HAPPINESS is somehow seen as transitory, elusive, mysterious, and yes, mirage like. It remains the goal of most people (for who would work towards being unhappy?) yet, it also carries with it the connotation of frivolity, of selfishness, of neurosis, of being preoccupied with one's self.

Though we all want to be happy is there a way towards it? Can we follow some pattern or path and then achieve this all fleeting of goals? Is happiness and end in itself or is it the by product of other goals in life? Are we living so that in the end everything works out for the better? and the minute things go wrong we panic because we feel happiness sliding away from our reach.

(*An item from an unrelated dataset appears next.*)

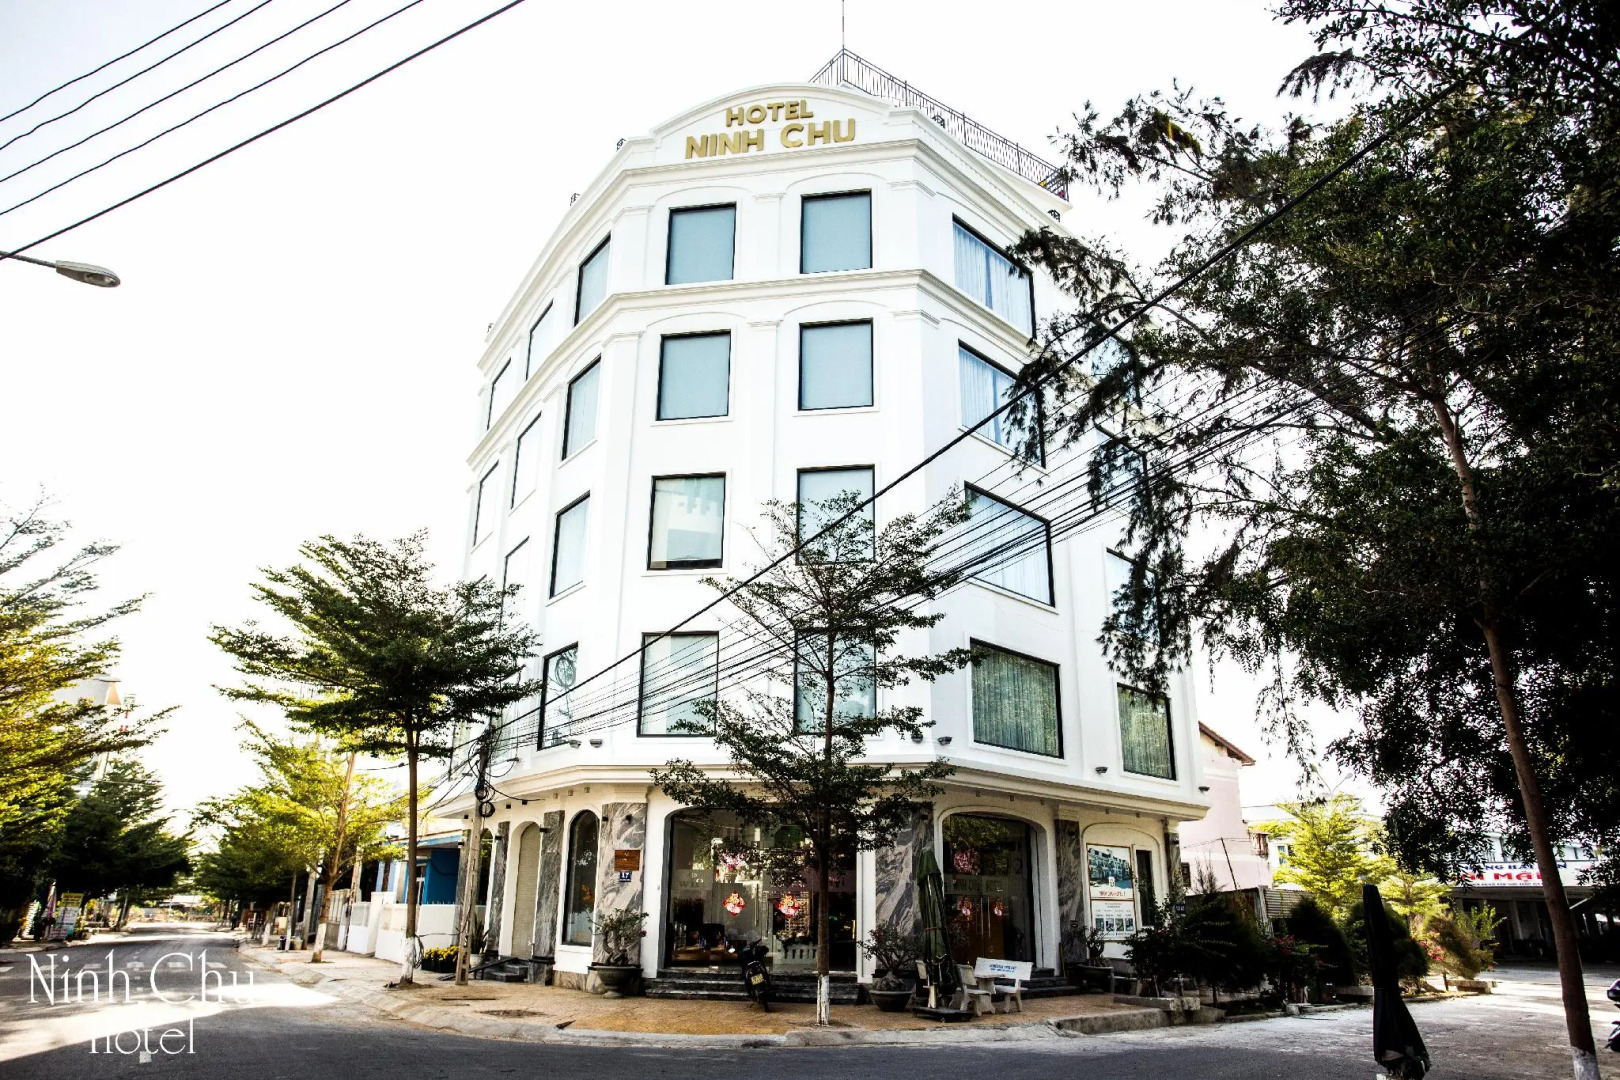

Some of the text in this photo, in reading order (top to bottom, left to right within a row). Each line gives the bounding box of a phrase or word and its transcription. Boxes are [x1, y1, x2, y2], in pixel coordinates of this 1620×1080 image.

[725, 100, 814, 127] HOTEL
[685, 118, 856, 159] NINH CHU

I have been reading many books on 'pursuit of happiness', The happiness project by Gretchen Rubin, the Art of Happiness by the Dalai Lama to name just two. I have supplemented these with the Meditations of Marcus Aurelius, the great Roman Emperor who wrote his keen observations on his life. Then there are the soppy love stories of self-discovery by Richard Bach. All this reading has gotten me thinking on what happiness is and why we are so hung up on getting it within our grasp?

I am not saying that I like to suffer and be sad and unhappy, of course not. What I am trying to say is that is happiness achievable by consciously pursuing it? Isn't it spontaneous? Isn't it just the beauty of the 'flow' of things, isn't the best part about being happy is that we don't have to worry about being happy?

The Dalai Lama says that happiness is absence of suffering and alleviation of pain, and the more we strive to do that, the more we succeed in doing that we can come close to being happy. He believes there is a way to happiness, and what that way is I will only find out on finishing the book.

I, like, every other reasonable person want to be happy, want my close ones to be happy, and if there is a sure way of getting there I want to know and I want to try. Rubin, in her book The Happiness Project says that happiness is surely achievable and it can be reached by making small changes in our lives. We don't necessarily have to drastically change our lives to be happy, we just have to make the right changes as she shows in her book.

Can I find a sure shot way of my own to perpetual and continuous happiness?